MSD is a fundamentally recreational cert and, as Wibble posted and many people will agree, no recreational diver is considered accomplished on this forum. I don't think this is a healthy approach, but I am not here to change a culture.
 
Bret Gilliam once told me that (believe it or not) on their deep diving exploits, Sheck Exley would sometimes pass out at depth and then wake up again and continue the dive.
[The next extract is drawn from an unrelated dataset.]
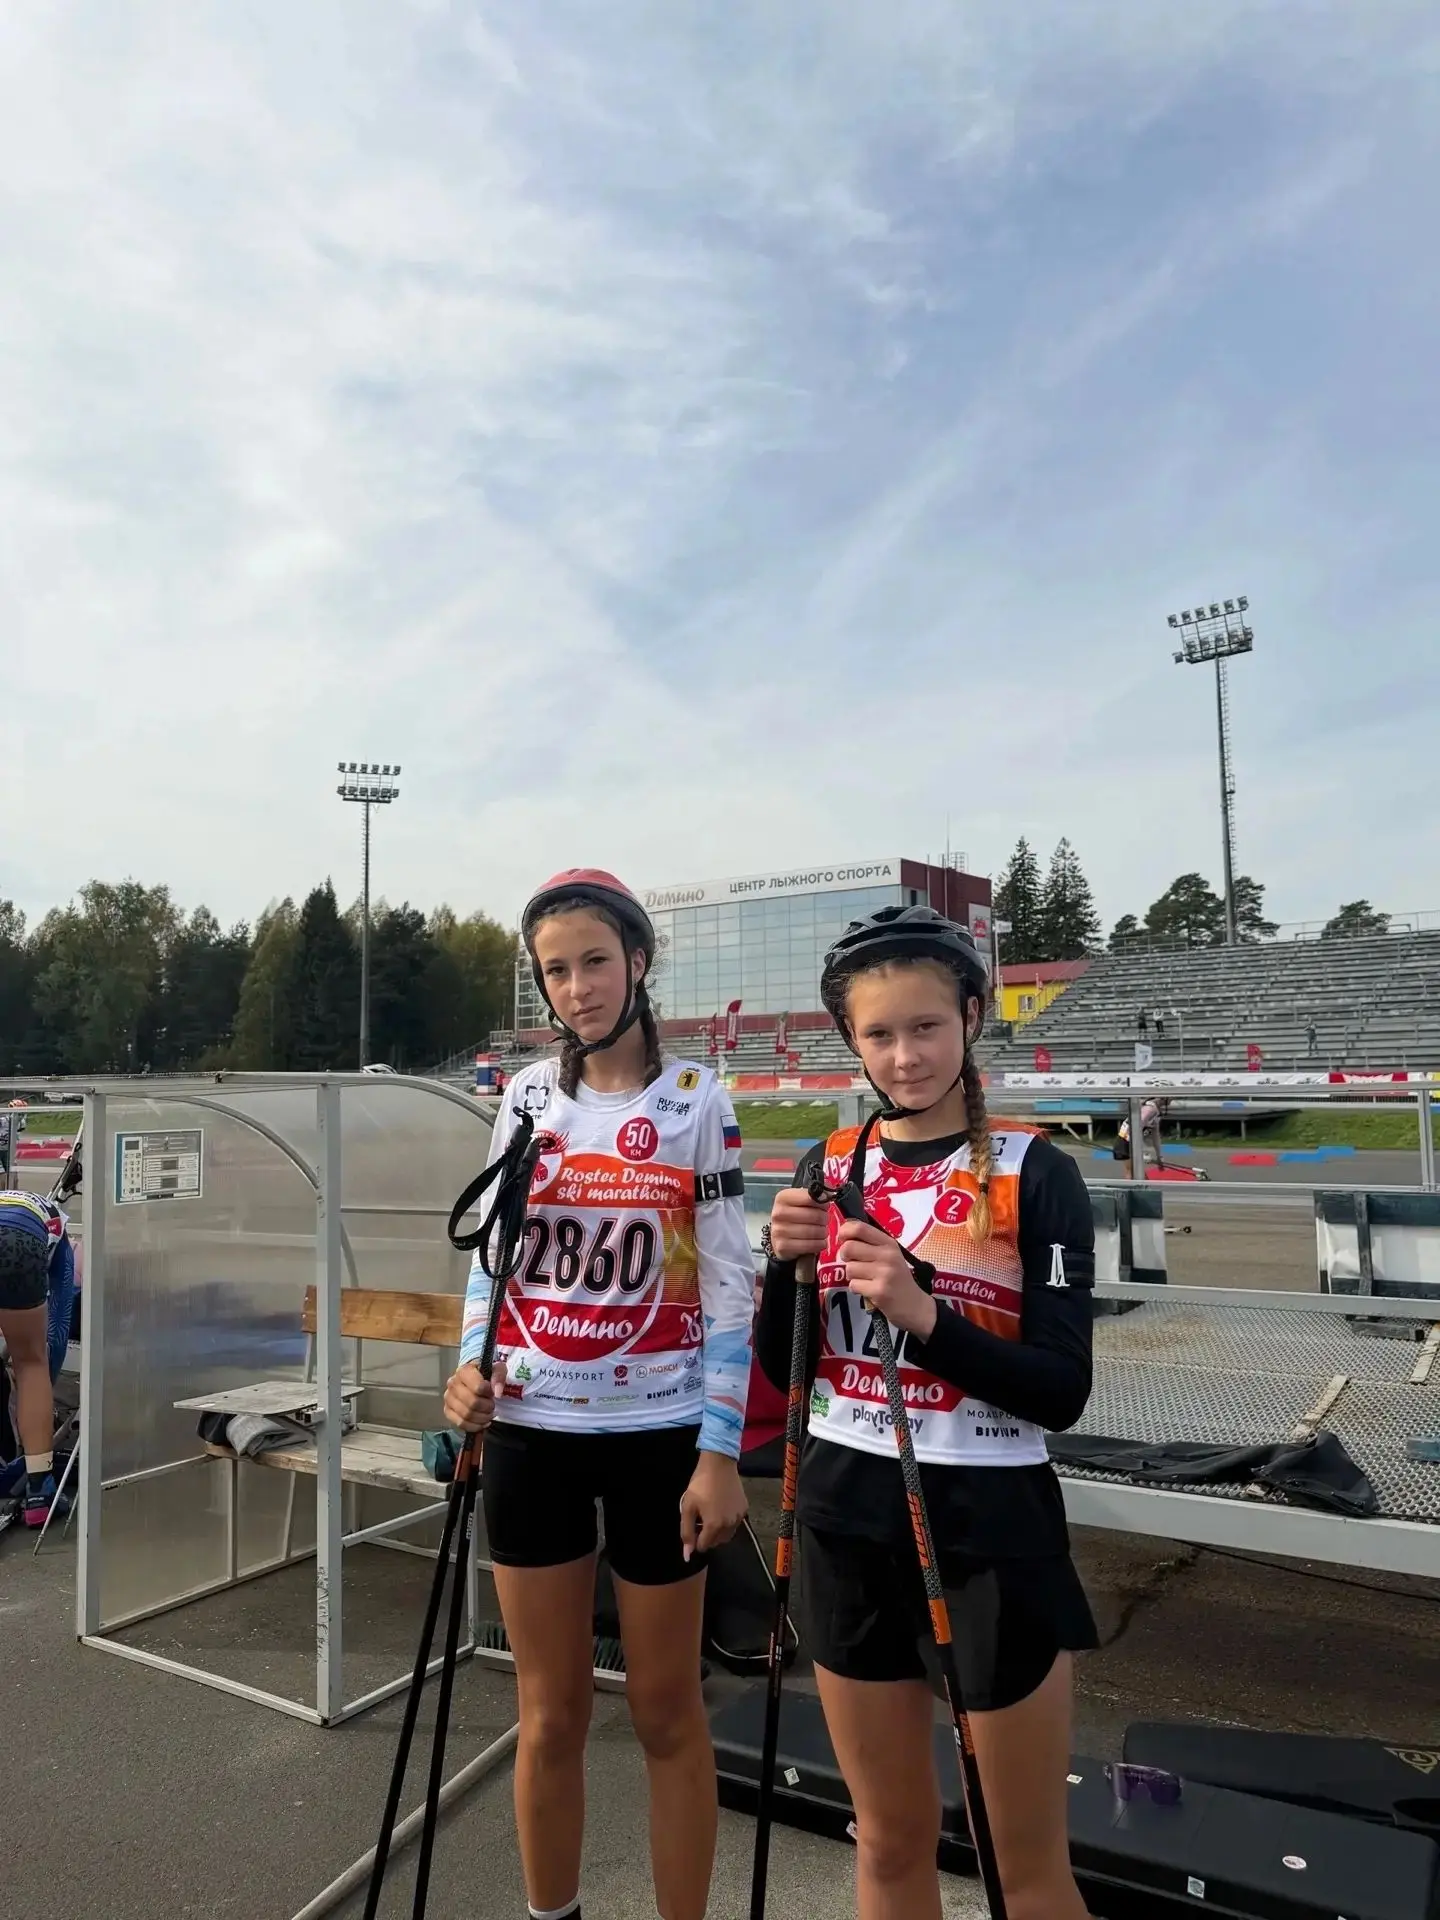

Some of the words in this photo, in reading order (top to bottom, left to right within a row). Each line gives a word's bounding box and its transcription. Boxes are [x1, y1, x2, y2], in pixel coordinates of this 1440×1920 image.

I don't believe some of the shiit he used to tell.
 
@boulderjohn Yeah, I did similar math and came to about the same conclusion after I made my earlier comment. My question at that point would be...why? Yo-yoing three hundred feet into the ocean, a hundred feet past my MOD, with a razor thin air margin and no backup equipment does not seem even remotely worth doing. What could you possibly see/do down there in the thirty seconds or whatever you're actually at your stop depth that's worth the risk? And if you're ok with being reckless about this stuff, why not just get some trimix fills and do a little DIY tech diving? Sure, it'd still be way more dangerous than actually diving with training, but at least you've got the right gas mixes, equipment, and a plan.
 
What could you possibly see/do down there in the thirty seconds or whatever you're actually at your stop depth that's worth the risk?
In Cozumel, at 300 feet there is old, non-living reef, and everything is kind of a blue/gray color. There aren't many fish. As you ascend, you will find some black coral and lion fish at around 200 feet.